Published on April 14th, 2014 | by Jonathan R


Men's Roller Derby World Cup competitors - Photo: ShirlaineForrest

A Dream Transcended: The 2014 Men’s Roller Derby World Cup

As all of the skaters began chanting country names in unison prior to the opening ceremony, it was clear that the Men’s Roller Derby World Cup was a dream come true.  15 countries, 41 games, professional-grade officiating, a smooth-operating staff of volunteers, a boisterous, energetic crowd, thousands of viewers from around the world (even Antarctica!), the Lord Mayor of Birmingham, and a feverish enthusiasm for a sequel summarize the clearly successful 3 days.  But there was something else. Something immaterial emerged over the weekend.  What began as an international roller derby tournament had transcended into a celebration of the human spirit.
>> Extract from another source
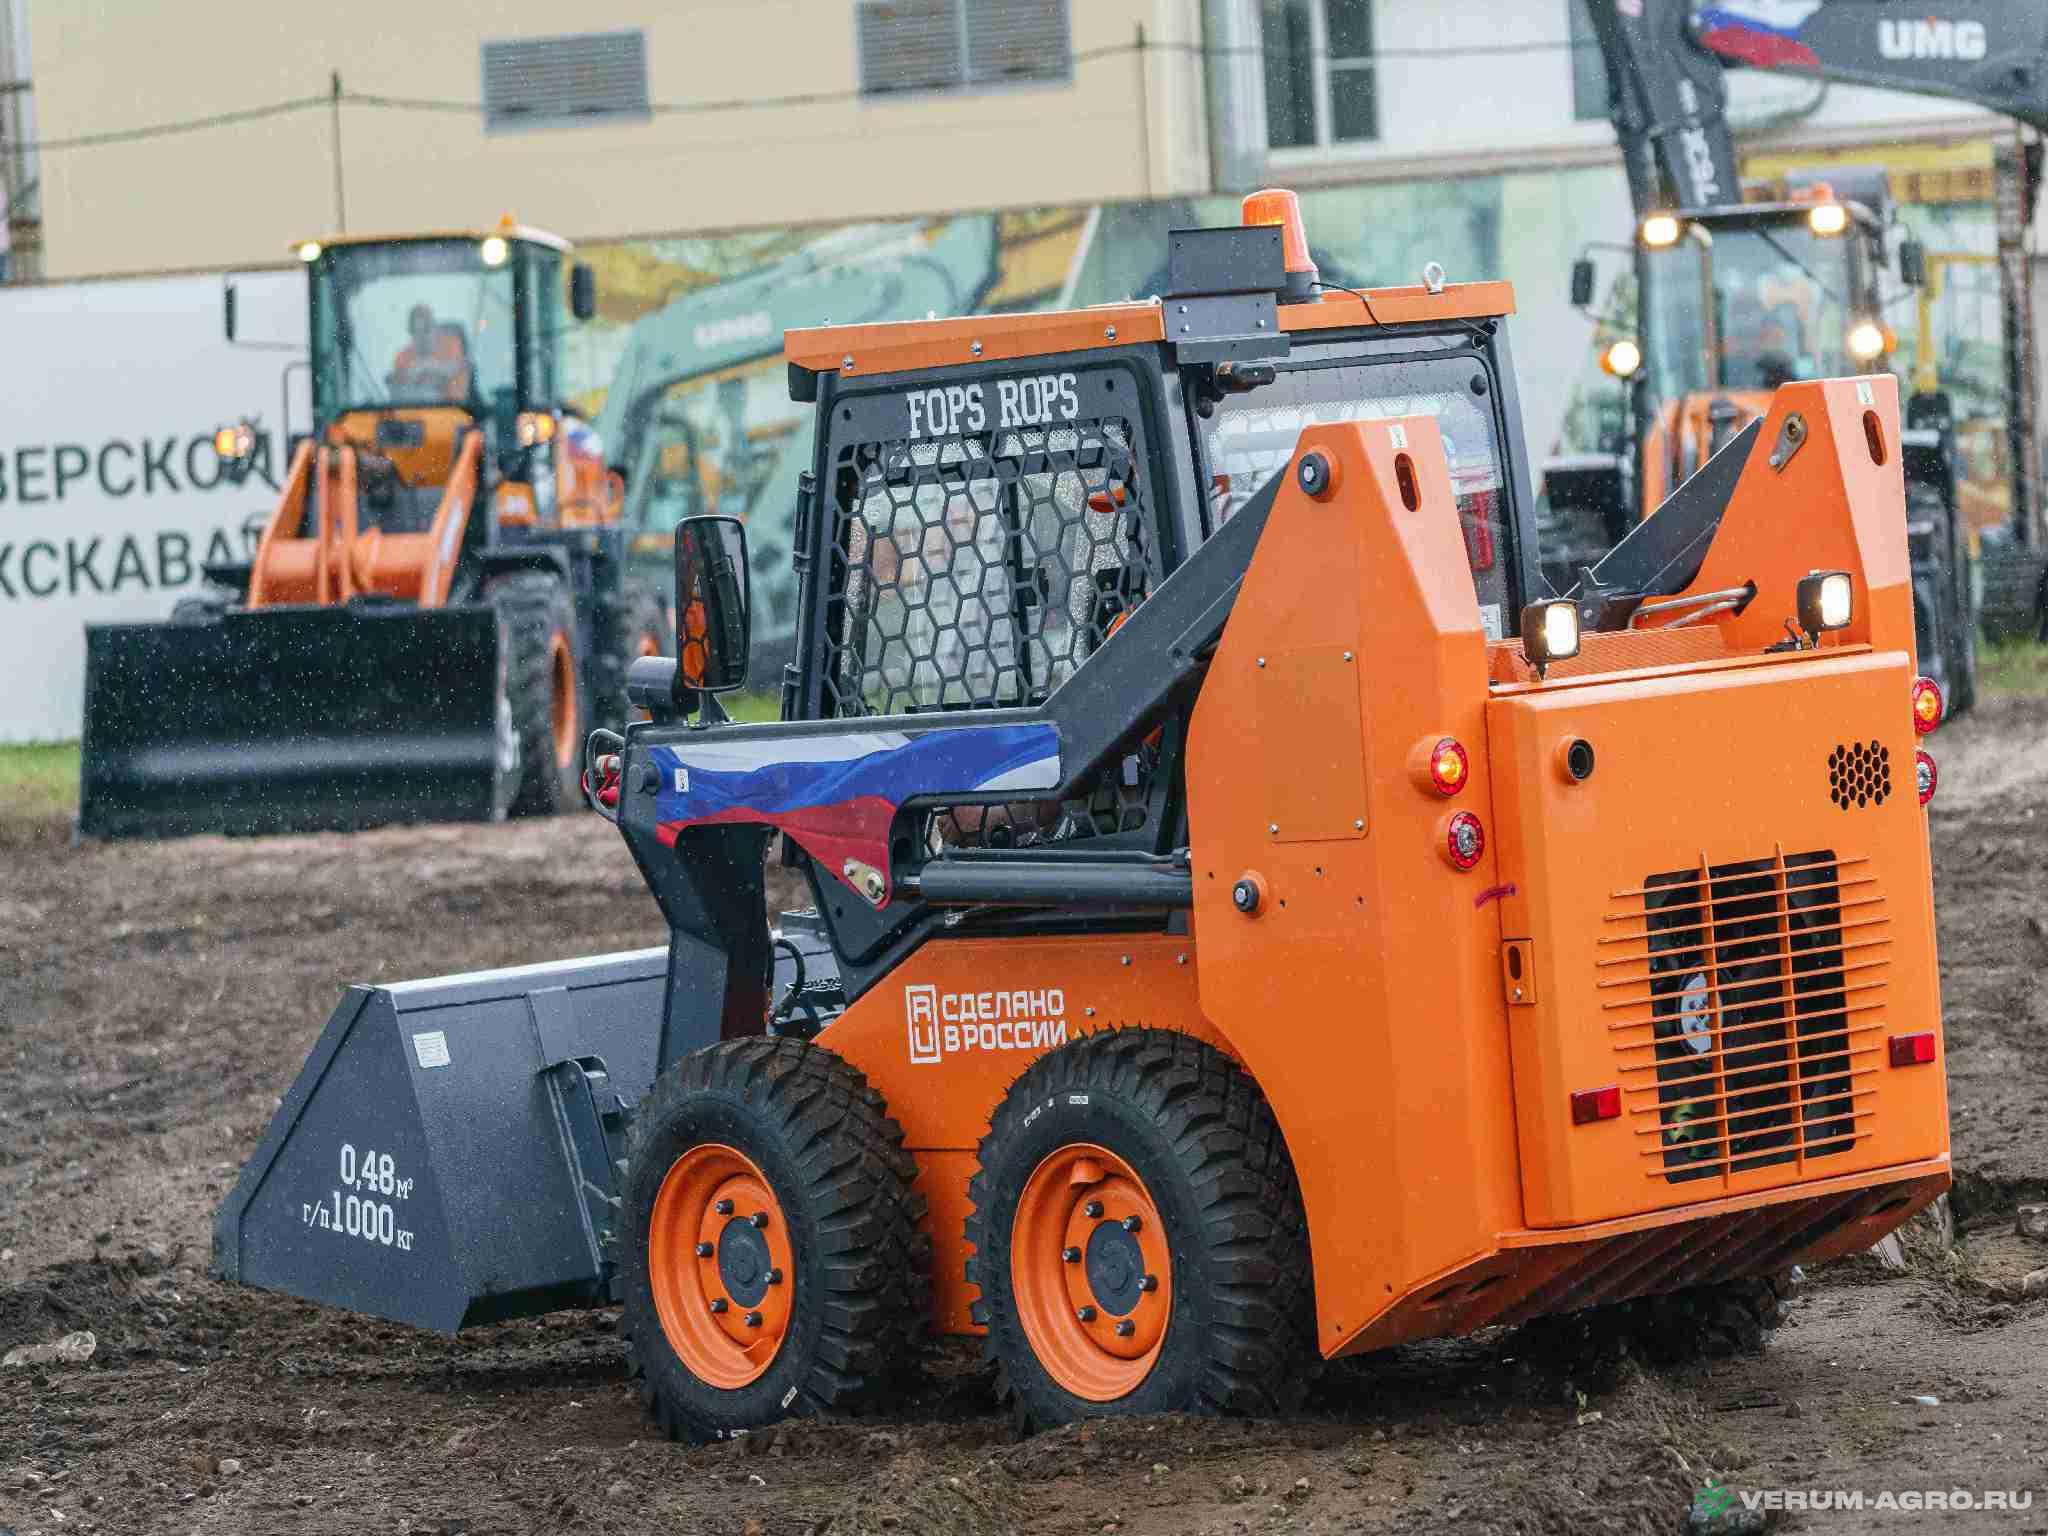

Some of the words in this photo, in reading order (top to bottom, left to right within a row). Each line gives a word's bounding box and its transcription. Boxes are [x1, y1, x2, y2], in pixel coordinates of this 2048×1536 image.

Everyone present was brought together by a mutual love of the sport.  We all appreciated the skaters who dared roll onto the track.  We marveled at their courage to battle challengers face-to-face with uncertain outcome.  We sympathized with their plight in our harsh sport.  Rules frame the game yet it still feels cruel and unfair.  We erupted for every point, hard-earned; for every skater who refused to give up.  We were inspired by the clockwork teamwork and lightning-fast adjustments.  We oohed and awed at the grace and balance of precision footwork on wheels.  And we did not just cheer for our favorite skater or our compatriots, who each heroically represented their country, or even just the sport itself.  We cheered because their struggle was our struggle; we cheered for all of these family members newly discovered.
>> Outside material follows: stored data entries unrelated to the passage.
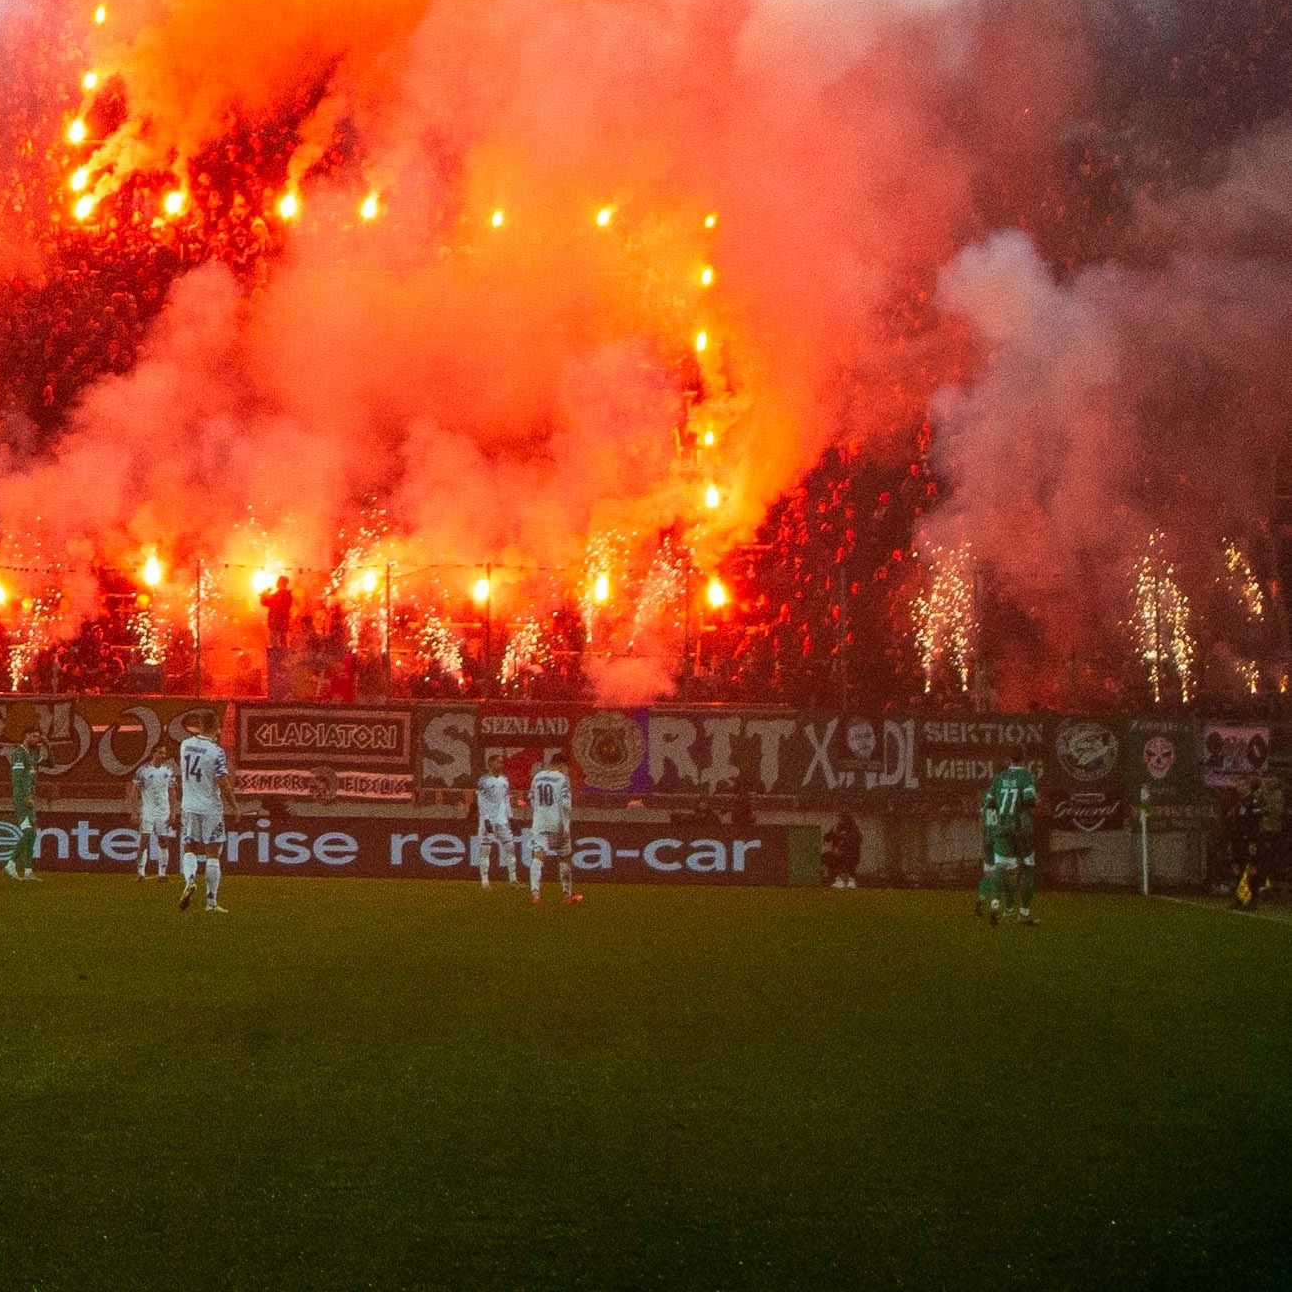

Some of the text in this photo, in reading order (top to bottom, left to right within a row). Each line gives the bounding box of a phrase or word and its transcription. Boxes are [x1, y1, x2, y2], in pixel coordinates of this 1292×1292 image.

[254, 722, 398, 750] GLADIATORI
[923, 721, 1045, 744] SEKTION
[184, 753, 202, 783] 14
[537, 783, 554, 807] 10
[998, 788, 1019, 815] 77
Surely most people had never seen such a gathering of countries before in person.  For most, meeting the Argentina All Stars and the Ninjapan Rollers was akin to confronting a tremendously distant cousin; a long lost member of your family who had traveled around the world just to play a sport with you.  A sport they enjoyed and loved just as much as you do whether they had been playing it for years, months, or never before.  The connection was instantaneous.  From across the language barrier they traveled, with nothing but the guarantee of playing 4 games.  No one could have promised them that the audience would immediately support them or cheer for them or cry with them or absolutely love them as one of their own.  It was a beautiful reunion.  I felt the harmony of diversity as the national anthems highlighted the history and uniqueness of each culture.  I could feel my unity with the rest of humanity as this tangible, conceptual proof of world peace played out right in front of me.  And it brought tears of joy to my eyes.

Alas, it was not all happiness.  Roller derby, like life, is bittersweet.  The weekend had its share of heartbreak, injury, and being forced, against every fiber in your body, to concede before the game clock expired.  With wide open hearts, skaters consoled dejected opponents and the crowd made faith-reaffirming shows of financial support.  Everyone was reminded that whatever side you’re on: “We’re with you.”
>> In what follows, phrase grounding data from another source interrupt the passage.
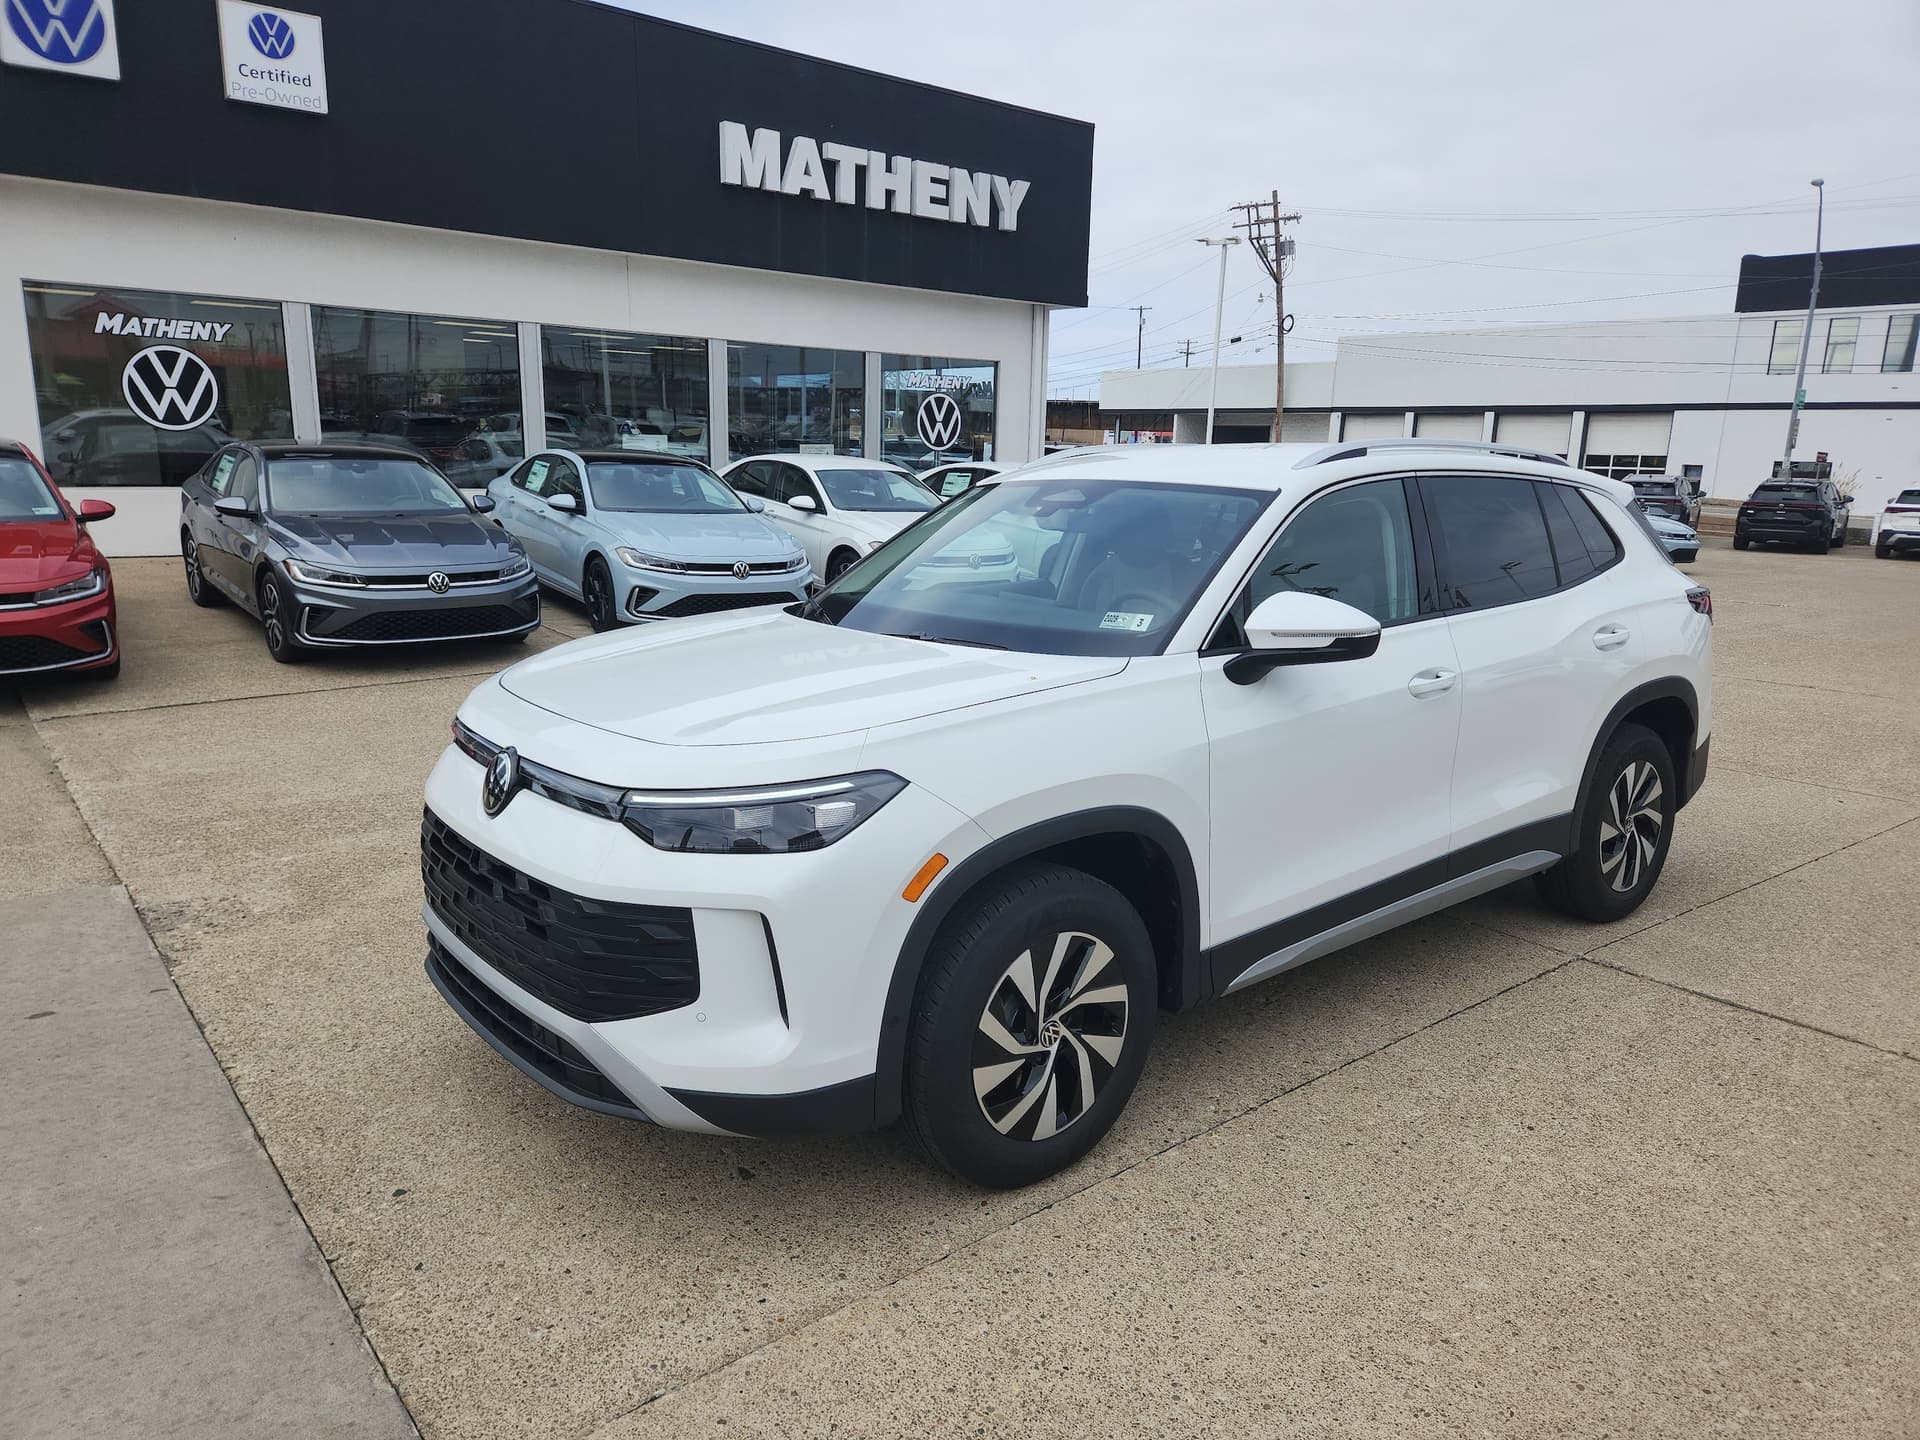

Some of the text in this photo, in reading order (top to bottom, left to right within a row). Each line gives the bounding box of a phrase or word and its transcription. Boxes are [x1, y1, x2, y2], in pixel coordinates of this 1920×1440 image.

[249, 13, 295, 59] VW
[238, 63, 312, 87] Certified
[231, 82, 321, 109] Pre-Owned
[719, 120, 1032, 232] MATHENY
[94, 311, 232, 342] MATHENY
[122, 345, 218, 430] VW
[907, 372, 971, 390] MATHENY
[918, 393, 961, 450] VW
Still, the dispassionate reality remains: for there to be a winner in a competitive sport; there must also be a loser.  As one team celebrated the thrill of a close victory on the track, the losing team withdrew to the locker room in the sorrowful agony of defeat.  I met them in passing.  Their uniforms were wet with sweat and their faces empty with defeat.  And I knew what they were feeling.  I understood.  I grabbed the soaked jersey of one of them who had water dripping from his grey, cloudy eyes and said to him, “Don’t you worry about that !@#$% score.  You played like a champion.” And I meant it with the very core of my being.  Because he had dared to step on the track, for his country no less, and he had dared to be better.  And if today is not your day then it’s okay to cry. And when you’re done with that; skate on.  Because there will be more games to play.  And when you can’t anymore; we will skate on for you.   You’re part of the spirit of the derby.  And the spirit rolls on forever.